Carving knives are distinct from their chef’s knife brethren in their shape. They have a much more narrow blade and come to a pointed tip, a structure that helps them cut hunks of meat into thin slices. If they were wider, then the carving would generate too much drag, making it harder to cut uniform portions. Carving knives are also longer so that they can cut a large piece of meat all at once without having to be sawed back and forth.
Of course, even within these parameters, there are many different kinds of carving knives out there. Some may be longer and better suited for larger cuts, while others come with matching carving forks to keep the meat in place while slicing. No matter what your preference (or what you’re cutting), here are four you should consider.

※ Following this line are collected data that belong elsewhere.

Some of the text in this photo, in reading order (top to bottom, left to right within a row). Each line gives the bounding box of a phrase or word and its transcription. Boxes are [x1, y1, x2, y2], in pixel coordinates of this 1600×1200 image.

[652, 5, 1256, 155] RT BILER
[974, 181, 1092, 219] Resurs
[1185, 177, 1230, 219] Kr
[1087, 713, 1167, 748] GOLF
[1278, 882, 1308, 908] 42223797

1. Dalstrong Carving Knife
If you’re cooking up a big turkey or pheasant for a holiday or family gathering, then you’ll want to have Dalstrong’s carving knife on hand. At 12 inches long, it can cut through big fowl without you having to saw back and forth. Plus, its high-carbon steel blade will slice through most meats no problem. Clocking in at 56+ on the Rockwell scale, it’s a sturdy carver with a black pakkawood handle that looks plenty impressive.
Pros: Long blade makes cutting even large pieces of meat a cinch.

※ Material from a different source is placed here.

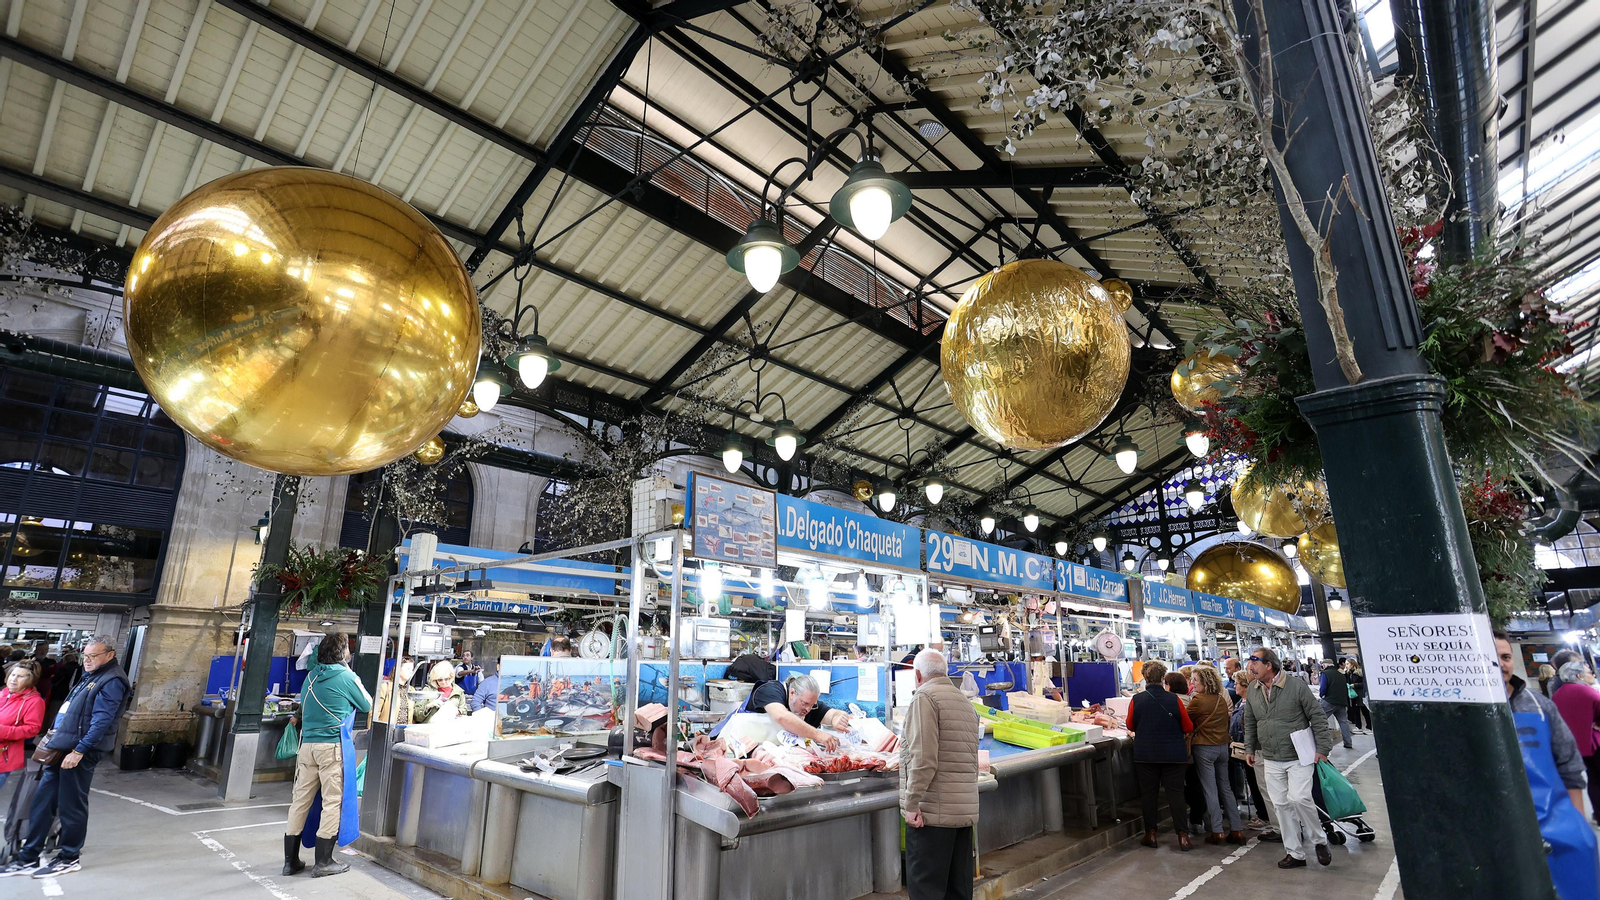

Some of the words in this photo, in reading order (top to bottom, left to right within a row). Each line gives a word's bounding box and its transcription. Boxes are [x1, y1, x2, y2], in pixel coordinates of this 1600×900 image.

Cons: Its size can make it difficult to store.
2. Hammer Stahl Carving Knife and Fork Set
This set doesn’t just come with a carving knife; it also includes carving fork to hold the meat in place while you chisel away at it. The knife itself is nothing to scoff at, though. It’s a high carbon stainless-steel blade with a Rockwell scale hardness of 55. It’s a stylish set, too, boasting pakkawood handles that are infused with resin—so it has the look and feel of wood, but the durability of plastic.
Pros: A versatile knife that’s plenty stylish.
Cons: At 8 inches long, it won’t work as well for larger cuts.
3. Enso Slicing Knife
Enso’s slicing knife is a true thing of beauty. Handcrafted with a Damascus steel core, it has a Rockwell hardness of 61. The double bevel edge means you can use it with either your right or left hand, and the black canvas handle gives it the look and feel of wood, without the danger of cracking. Plus, the hammered finish makes it a real showstopper.
Pros: A gorgeous knife with top-notch performance.
Cons: One of the pricier carving knives out there.
4. Wüsthof 9740-1 Carving Set
Wüstof’s set is sturdy and dependable. Its high carbon stainless-steel blade has a Rockwell hardness of 58, while the fork helps to hold meat down as you’re cutting away. Made in Solingen, Germany, which is otherwise known as “the city of blades,” it goes without saying that it’s a set that boasts peerless craftsmanship.
Pros: A straightforward, sturdy set that gets the job done.
Cons: Spare design may not be for everyone.